(RECORDS SUPPLIED)
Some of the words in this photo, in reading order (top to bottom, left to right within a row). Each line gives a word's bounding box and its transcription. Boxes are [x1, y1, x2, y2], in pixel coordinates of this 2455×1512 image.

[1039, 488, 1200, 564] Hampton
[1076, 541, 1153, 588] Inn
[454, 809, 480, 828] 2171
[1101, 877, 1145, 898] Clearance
(End RECORDS SUPPLIED)
**YOUR GOAL**
The whole listing should be copied verbatim.

**ANSWER SPACE**
Some of the words in this photo, in reading order (top to bottom, left to right within a row). Each line gives a word's bounding box and its transcription. Boxes are [x1, y1, x2, y2], in pixel coordinates of this 2455×1512 image.

[1039, 488, 1200, 564] Hampton
[1076, 541, 1153, 588] Inn
[454, 809, 480, 828] 2171
[1101, 877, 1145, 898] Clearance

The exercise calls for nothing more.